As reported in FYI #123, AIP's first Science Fellow in the State Department, George Atkinson, has been named as the Science and Technology Advisor to Secretary of State Colin Powell. AIP is now seeking applicants for the fourth year of its State Department Fellowship, and qualified scientists at any stage of their career are encouraged to apply. Information on applying for the 2004-2005 Fellowship term by the November 1 deadline is provided below; interested readers can also see our web site at http://www.aip.org/mgr/sdf.html/for more information on the program.

The AIP State Department Science Fellowship enables scientists to spend a year working in a bureau or office of the U.S. Department of State. The Fellows not only learn about, but become actively involved in, the foreign policy process, while contributing their scientific and technical expertise and analytical capabilities to the Department.

Atkinson succeeds Norman Neureiter in the role of S&T Adviser. Neureiter served a three-year term as the first Science and Technology Adviser in the State Department, a position created in response to the 1999 National Research Council report entitled "The Pervasive Role of Science, Technology, and Health in Foreign Policy: Imperatives for the Department of State." The report, which declared that scientific and technological developments "cannot be isolated from the fundamental workings of foreign policy," was also the impetus for AIP's State Department Fellowship, modeled on its successful Congressional Science Fellowship. Both AIP programs are run under the auspices of the Association for the Advancement of Science's (AAAS) Science and Technology Policy Fellowships. While AAAS has for years placed Diplomacy Fellows at the State Department, to be supported by departmental funds, AIP was the first scientific society to sponsor Fellows at the State Department with its own funds. (Currently, the American Astronomical Society also contributes to AIP's State Department Science Fellowship.) Neureiter called AIP "a pacesetter" for initiating "the first paid...fellowship program of any professional society."

In an indication of the enthusiasm with which AIP's Fellowship program has been received at the State Department, in each year of the Fellowship so far, the Department has provided funding of its own to place another of AIP's fellowship finalists to serve as a second AIP State Department Science Fellow. The two new 2003-2004 Fellows, Carol Christian and Edward Whittaker, have just completed a two-week AAAS orientation and are preparing to begin their Fellowship terms at the department. Christian, a research astrophysicist who is head of the Space Telescope Science Institute's Office of Public Outreach, will work in the E-Diplomacy Office of the Bureau of Resource Management.
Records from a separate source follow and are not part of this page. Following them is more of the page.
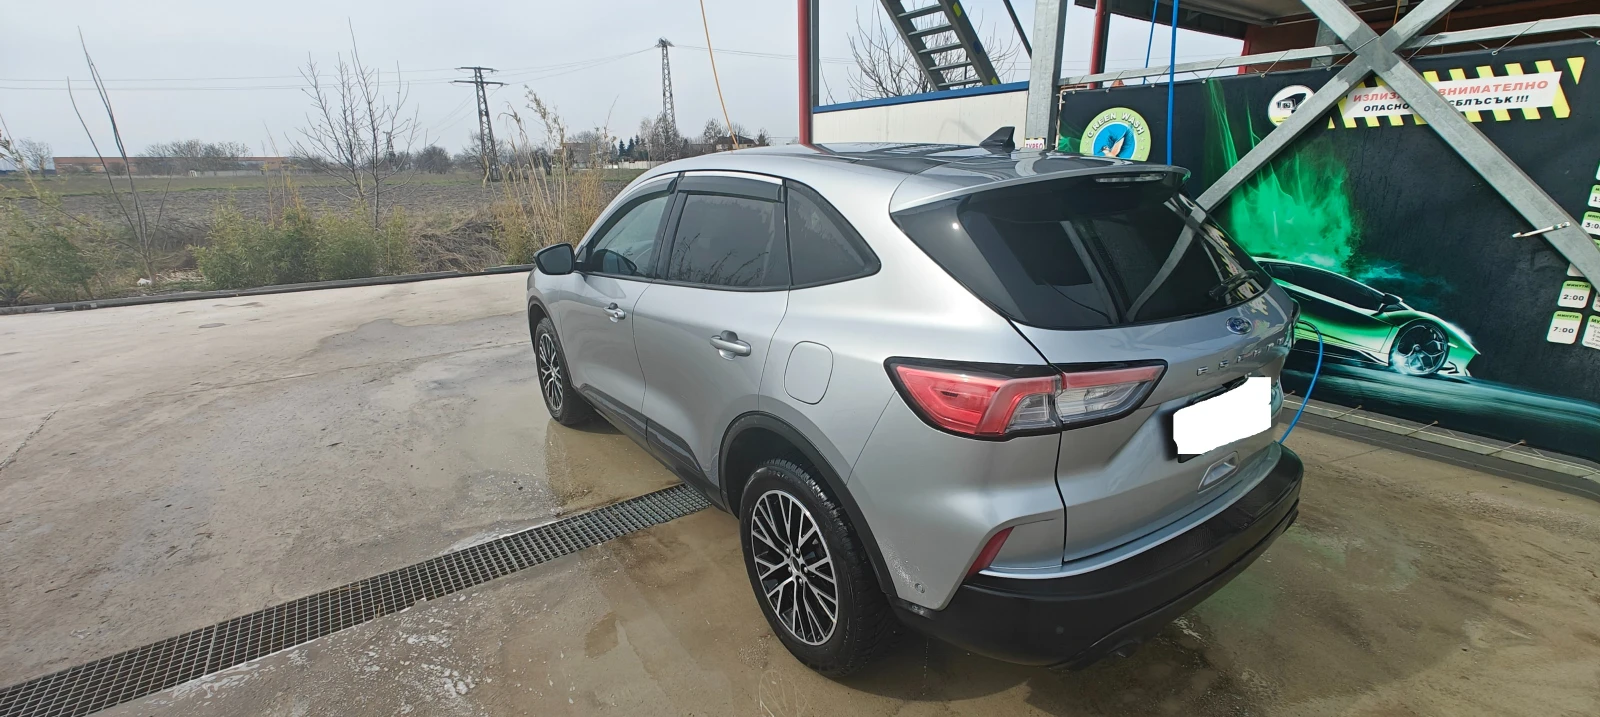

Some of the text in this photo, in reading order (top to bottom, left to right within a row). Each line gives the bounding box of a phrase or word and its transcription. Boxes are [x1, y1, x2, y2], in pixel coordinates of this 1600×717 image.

[1353, 80, 1549, 102] ИЗЛИЗ ВНИМАТЕЛНО
[1363, 102, 1410, 112] ОПАСНО
[1086, 111, 1145, 139] GREEN WASH
[1585, 222, 1600, 230] 3:0
[1562, 294, 1585, 302] 2:00
[1553, 326, 1575, 334] 7:00
Whittaker, a professor of physics and engineering at the Stevens Institute of Technology, plans to serve his Fellowship in the Bureau of Political-Military Affairs, Directorate of Defense Trade Controls. Christian is a member of AAS, while Whittaker is a member of both APS and OSA.

Approximately 30 science and engineering societies, including AIP and three of its Member Societies (the American Physical Society, the American Geophysical Union, and the Optical Society of America) sponsor Fellows to work in federal agencies or congressional offices as part of the AAAS Science and Technology Policy Fellowships program. This year, AAAS is celebrating the 30th anniversary of its Fellowship programs. (A September 18 Washington Post article on the Fellowships can be read without charge until October 2 at http://www.washingtonpost.com/wp-dyn/articles/A26679-2003Sep17.html). (For information on the AIP and Member Society Congressional Science Fellowships, please see http://www.aip.org/pubinfo/).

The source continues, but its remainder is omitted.